Equal pay for equal work, says Macron in Salzburg
According to official site of Wage Union, French president Emmanuel Macron met the Austrian chancellor as well as the Czech and Slovakian prime minister in Austria on Wednesday. Some analysts say that the French president is speeding up the division of V4 countries: while Czechs and Slovaks may still be involved in discussions, he has already turned his back on Poles and Hungarians.
The latest meeting focused on the employment abroad of workers from low-pay Eastern EU member states, i.e., “posted” workers. Mr Macron said:
– The practice that companies pay the taxes and social charges for posted workers of their home country rather than the target state is a betrayal of the EU’s principles, creates a negative wage competition and social crises (in the east and the west alike).
– The current situation boosts populist trends across Europe and undermines people’s confidence in the EU.
– He urges a reform: he suggests that the payment regulations of the target country should be applied for posted workers.
According to the report of Slovakia’s Pravda however, PM Fico did not accept Macron’s proposal on the EU guidelines yet, claiming that it would deprive Slovakian workers of their competitive edge, in other words, that they are satisfied with lower wages.
Although Macron and Fico seem to have raised the same issue, i.e, that workers coming from abroad (from the Eastern member states to France and from outside the EU to Slovakia) take away the local people’s jobs and push wages down, Slovakia’s problem would still not be solved by the EU document in its current form since it would only bind the citizens of EU member states.

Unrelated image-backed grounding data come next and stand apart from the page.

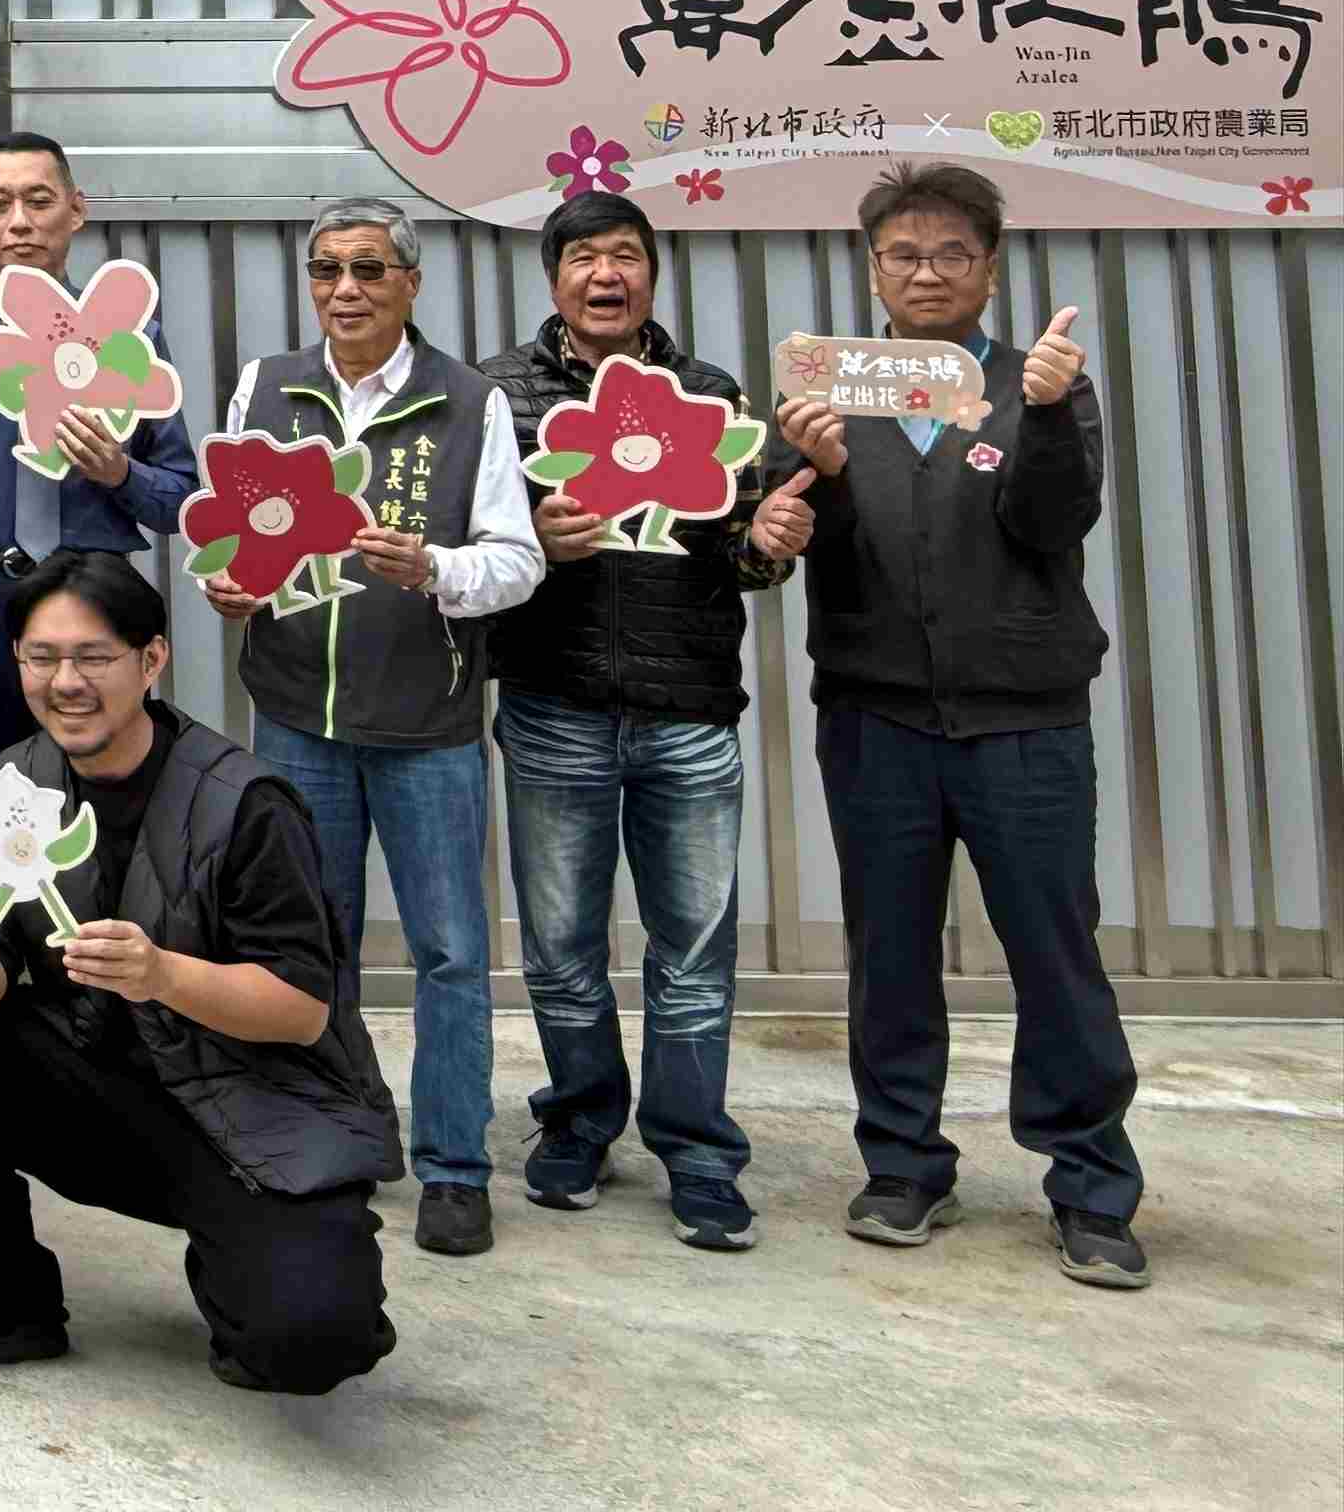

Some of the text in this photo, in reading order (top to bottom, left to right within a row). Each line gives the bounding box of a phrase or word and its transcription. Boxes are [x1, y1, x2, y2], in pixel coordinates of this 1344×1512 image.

[1015, 45, 1091, 62] Wan-Jin
[698, 103, 886, 144] 新北市政府
[1052, 108, 1310, 138] 新北市政府農業局
[806, 385, 901, 411] 一起出花
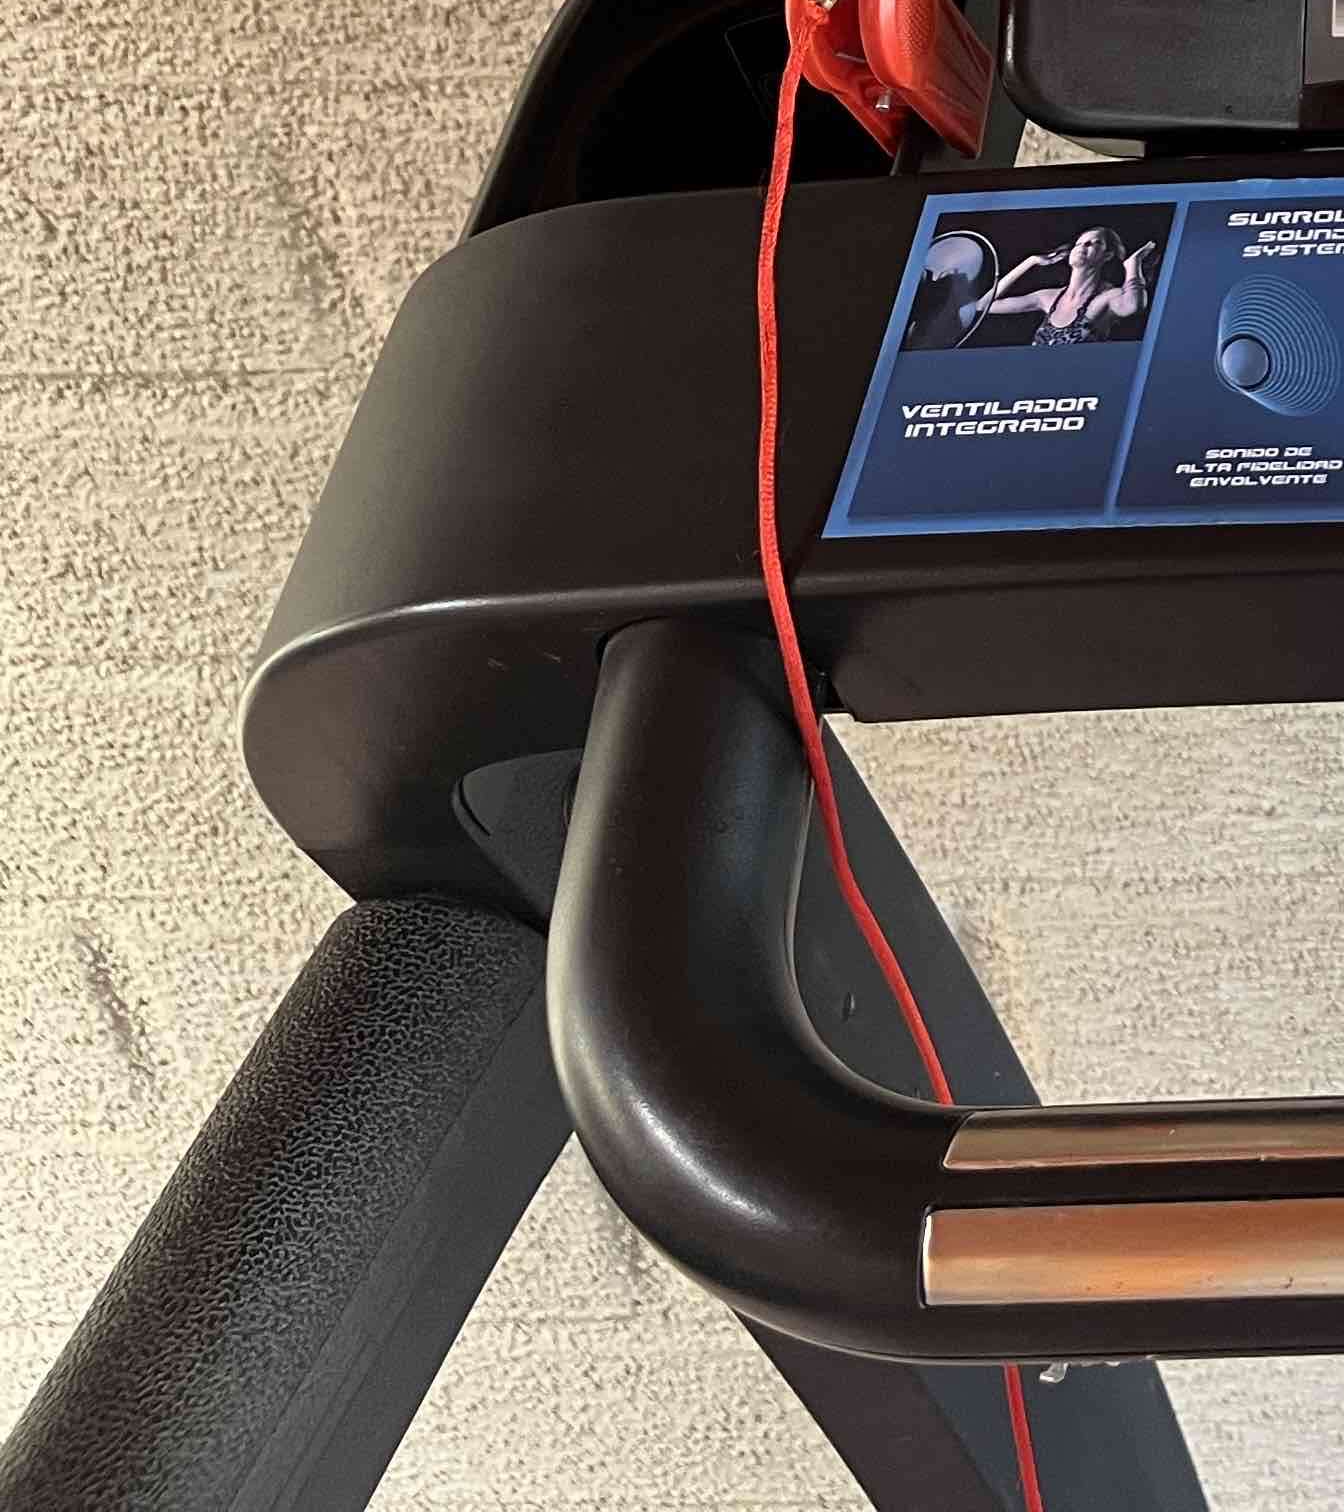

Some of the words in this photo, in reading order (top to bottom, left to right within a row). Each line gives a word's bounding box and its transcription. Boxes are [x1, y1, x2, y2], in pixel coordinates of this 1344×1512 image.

[901, 397, 1099, 419] VENTILADOR
[905, 416, 1085, 438] INTEGRADO
[1205, 447, 1279, 459] SONIDO
[1284, 446, 1313, 457] DE
[1176, 463, 1232, 474] ALTA
[1236, 460, 1344, 472] FIDELIDAD
[1190, 474, 1328, 488] ENVOLVENTE
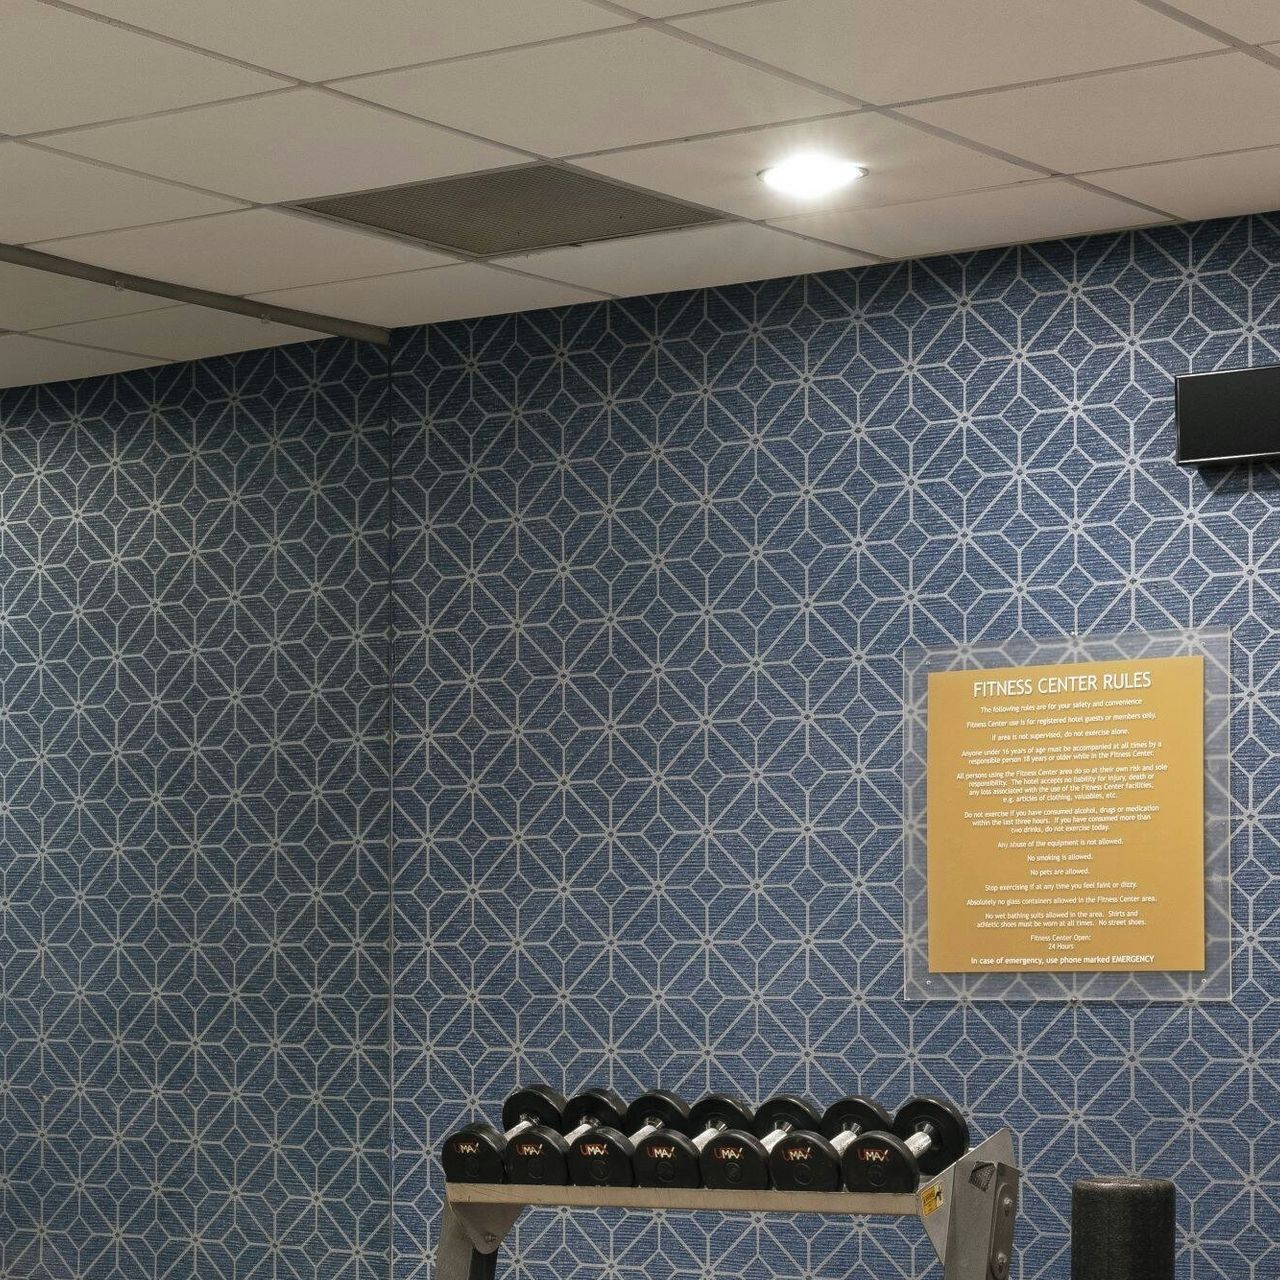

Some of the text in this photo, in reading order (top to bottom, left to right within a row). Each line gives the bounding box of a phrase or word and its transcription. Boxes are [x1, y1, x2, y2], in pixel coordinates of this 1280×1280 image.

[974, 673, 1151, 696] FITNESS CENTER RULES
[992, 704, 1019, 713] following
[1072, 701, 1091, 710] safety
[1104, 698, 1141, 706] convenience
[966, 719, 986, 727] Fitness
[987, 718, 1007, 726] Center
[1020, 717, 1025, 725] is
[1036, 715, 1066, 726] registered
[1068, 715, 1083, 723] hotel
[1084, 714, 1104, 724] guests
[1112, 712, 1140, 721] members
[1084, 728, 1109, 736] exercise
[1036, 853, 1060, 862] smoking
[1039, 868, 1052, 876] pets
[967, 897, 995, 907] Absolutely
[1006, 897, 1020, 906] glass
[1022, 896, 1052, 904] containers
[1119, 894, 1140, 902] Center
[971, 956, 977, 964] In
[1059, 956, 1081, 964] phone
[1083, 955, 1110, 963] marked
[454, 1142, 480, 1154] UMAX
[516, 1143, 543, 1156] UMAX
[580, 1144, 608, 1156] UMAX
[648, 1146, 676, 1160] UMAX
[714, 1147, 744, 1160] UMAX
[782, 1147, 812, 1162] UMAX
[858, 1148, 889, 1162] UMAX

Czech newspaper Hospodářske noviny quotes Czech PM Bohuslav Sobotka’s statement that living standards need be levelled in the various regions of the EU because German and Austrian companies only pay 30-40 per cent of their home wages when it comes to their Czech employees working in the Czech Republic. The conclusion is that the pressure on multinational companies must be increased, otherwise the wage inequalities can never be eliminated.
Felvidek.ma portal also refers to PM Sobotka’s statement that higher wages must be required from Czech and/or Eastern European companies as well as from Western corporations operating in the former Eastern Bloc.
Austria’s Der Standard reports that the meeting focused on the practice of posting workers within the EU, and cites President Macron’s words that it is “a betrayal of the European spirit in its essence” and a hotbed for populism. The current EU regulation allows companies to temporarily post their employees to another EU member state for a maximum period of two years. Ever since the EU’s enlargement in 2004, this practice has been increasing the competition due to the influx of Eastern European workers.
Having realized that the long-term posting of workers may create a “social dumping”, the European Commission limited this period to two years but Mr Macron still finds it too long and proposes to cut it to one year. The Austrian chancellor also considers the two-year period too long. (There were 166 thousand posted employees working in Austria in 2016, the time-proportionate figure has already grown to 90 thousand in the first half of 2017, and the trend continues.) They think that Brussels’ measures taken so far are insufficient.
“You must give equal pay for equal work,” Mr Macron asserted, adding that the single European market and the free movement of workers is not meant to create a race to the bottom in terms of social regulations.
The Czech and the Slovakian party both said they were “close to reaching a consensus,” which could be the basis of a reform. Mr Macron aims to gather the support of as many Eastern European companies as possible, while Mr Fico said he would do his best to convince V4 countries to back the reform. No official agreement has been reached however, and Mr Macron wants to make alliances by October 23, the next meeting of EU labour ministers.
As we wrote, no plans have been made for French President Emmanuel Macron to visit Hungary but an official meeting between the V4 group and France could take place before the year goes out, at a yet unspecified date, the prime minister’s press chief told news website Origo on Thursday.